A pale color of a bowel movement can indicate gallstones, gastro esophageal reflux disease (GERD), cholecystitis, giardia parasitic infection, hepatitis, chronic pancreatitis, cirrhosis, and celiac disease. Each of these diseases is serious enough to warrant immediate attention by a medical professional.

However, a yellow stool may also indicate someone who has taken too many antacids, has undigested fat in the stool, had developed a bacterial or viral infection, the presence of parasites,  and/or an individual who is passing food through the digestive tract too quickly. These are far less urgent, but still require professional interventions.

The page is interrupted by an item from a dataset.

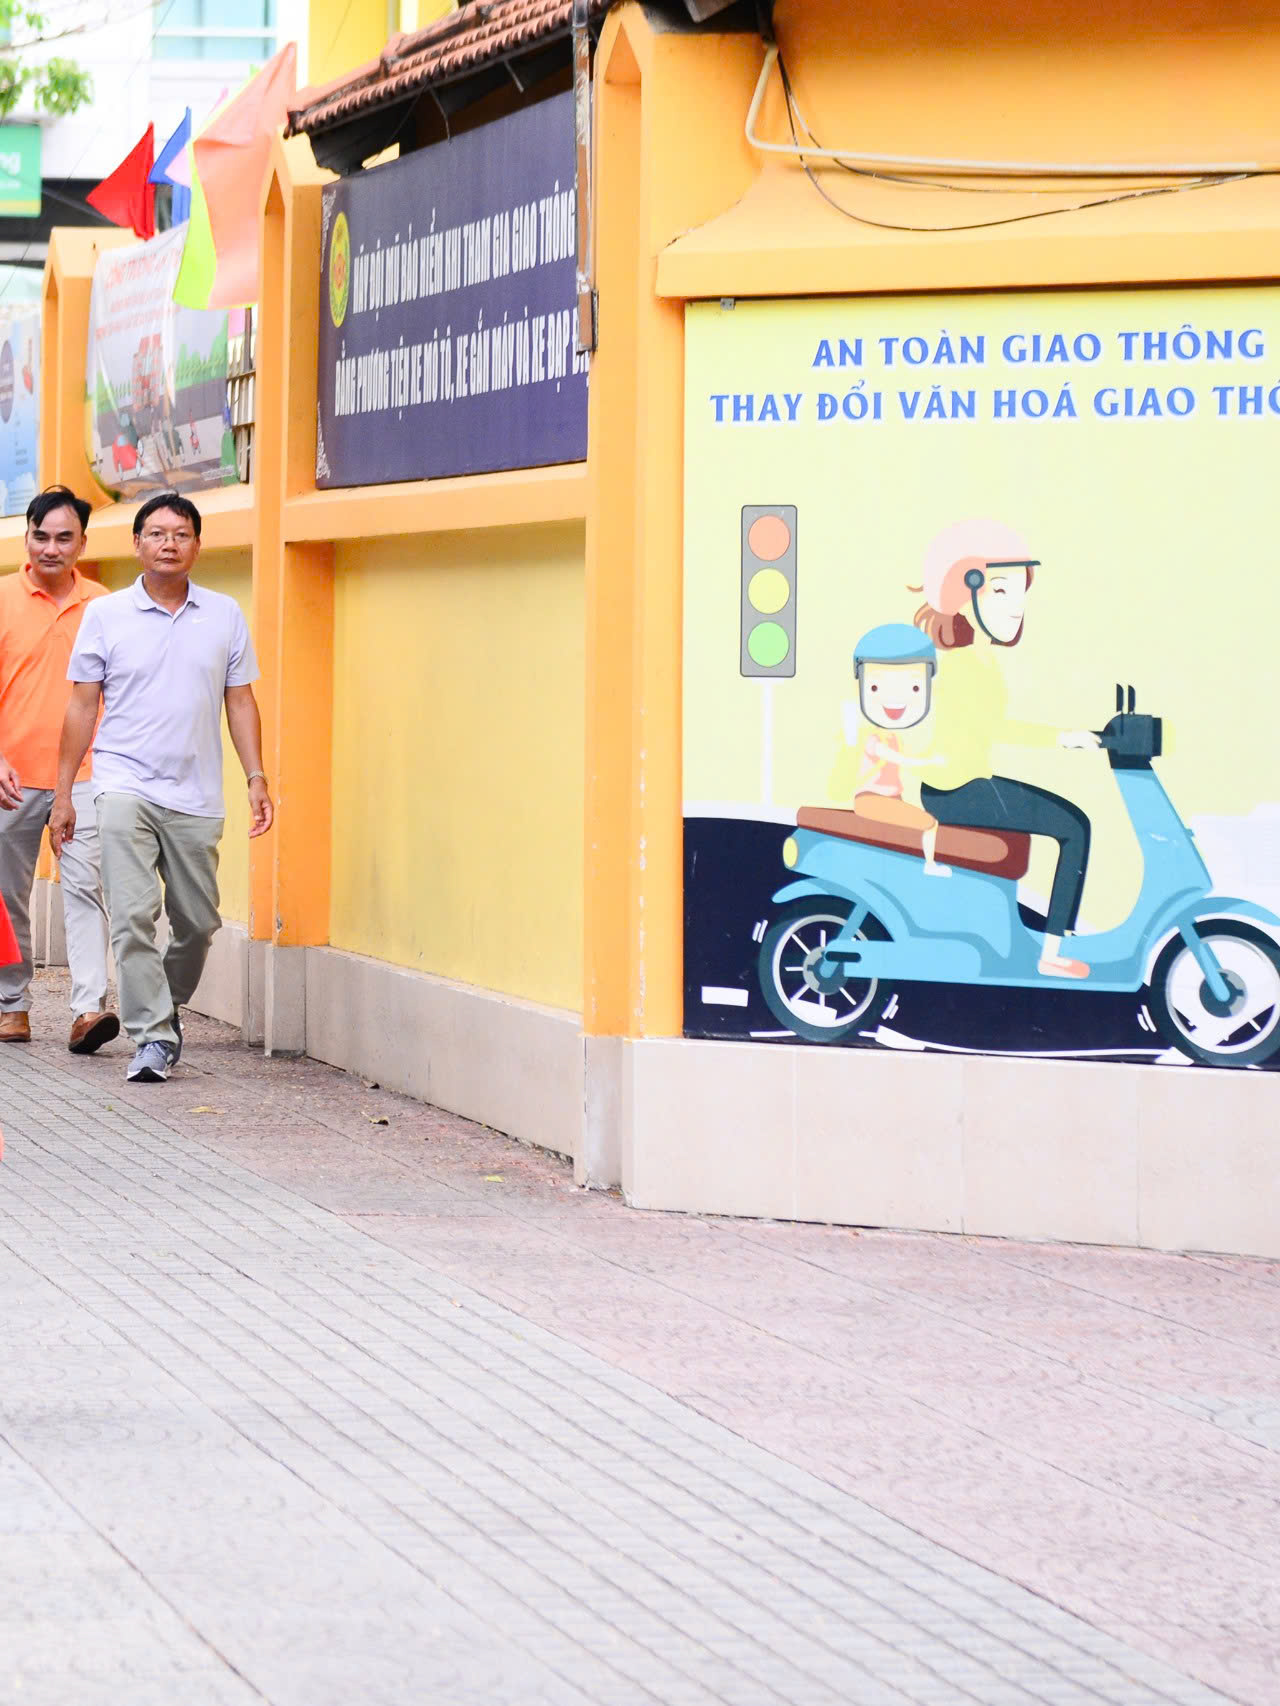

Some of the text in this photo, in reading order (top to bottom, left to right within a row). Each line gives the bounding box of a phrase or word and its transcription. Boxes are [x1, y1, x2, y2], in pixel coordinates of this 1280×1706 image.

Finally, foods or medicines, like having had a barium enema test, can discolor the stool. In any case, having a medical professional determine the cause is anxiety is vital to your well-being.1,2,3

What About Anxiety and Yellow Stools?

Those with anxiety disorders are often passing food through the digestive tract too quickly. As a result, their stool will be lacking bile (for color) and will appear yellow. Our digestive tract is far more likely to expose our emotional state than our face. Like the singing bird that suddenly falls of the perch and dies (birds look perfectly healthy as a survival method and then finally fall over dead), we can hide our facial expressions, but not how our gut is reacting to our emotions.

How Do I Cure A Yellow Stool?

A yellow stool is often an indication of generalized anxiety. Anxiety can cause irritable bowel syndrome. One issue is emotional and the other is physical. The emotional imbalance is causing the bodily discomfort. It really is “all in your head” until the effects run into your gut. If this occurred once a year, don’t be concerned. Nevertheless, if this is a problem that has reoccurred more frequently, then a positive change needs to occur.

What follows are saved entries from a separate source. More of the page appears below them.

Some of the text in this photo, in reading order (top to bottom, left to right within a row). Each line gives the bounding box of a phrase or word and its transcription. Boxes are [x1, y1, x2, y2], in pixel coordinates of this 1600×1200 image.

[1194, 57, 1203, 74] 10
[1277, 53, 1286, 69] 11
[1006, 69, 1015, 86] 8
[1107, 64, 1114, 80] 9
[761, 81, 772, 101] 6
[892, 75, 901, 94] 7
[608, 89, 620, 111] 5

The best and longest lasting change is a result of working with a professional. Typically, cognitive behavioral therapy (CBT) is the most effective long-range means to overcoming anxiety disorders. Once the problems causing the yellow stools are addressed, then the bowel becomes normal again. After the crisis level has been calmed, then several alternative healthcare options, including homeopathic, naturopathic, meditation, movement therapy, dance therapy, art therapy, massage or acupuncture may be a good means of “up-keep.” Even home remedies are possible as a part of a maintenance program. Relaxation techniques include dedication to a hobby, listening to soothing music, self-hypnosis or meditation.

Summary:

Do not assume there is nothing to be concerned about; a yellow stool is like a caution light in a traffic intersection. Be prepared to stop, look, listen, and proceed with care.

References:

  1. de Kort, Sander; Kruimel, Joanna W.; Sels, Jean P.; Arts, Ilja C.W.; Schaper, Nicolaas C.; Masclee, Ad A.M., 2012. Gastrointestinal symptoms in diabetes mellitus, and their relation to anxiety and depression. Diabetes Research & Clinical Practice. May2012, Vol. 96 Issue 2, p248-255.
  2. London, Cathleen. Tired of the Monthly Bloating and Irritability? Total Health. Nov2005, Vol. 27 Issue 5, p20-20.
  3. Harvard, 2010. Stress and the sensitive gut. Harvard Mental Health Letter. Aug2010, Vol. 27 Issue 2, p6-6.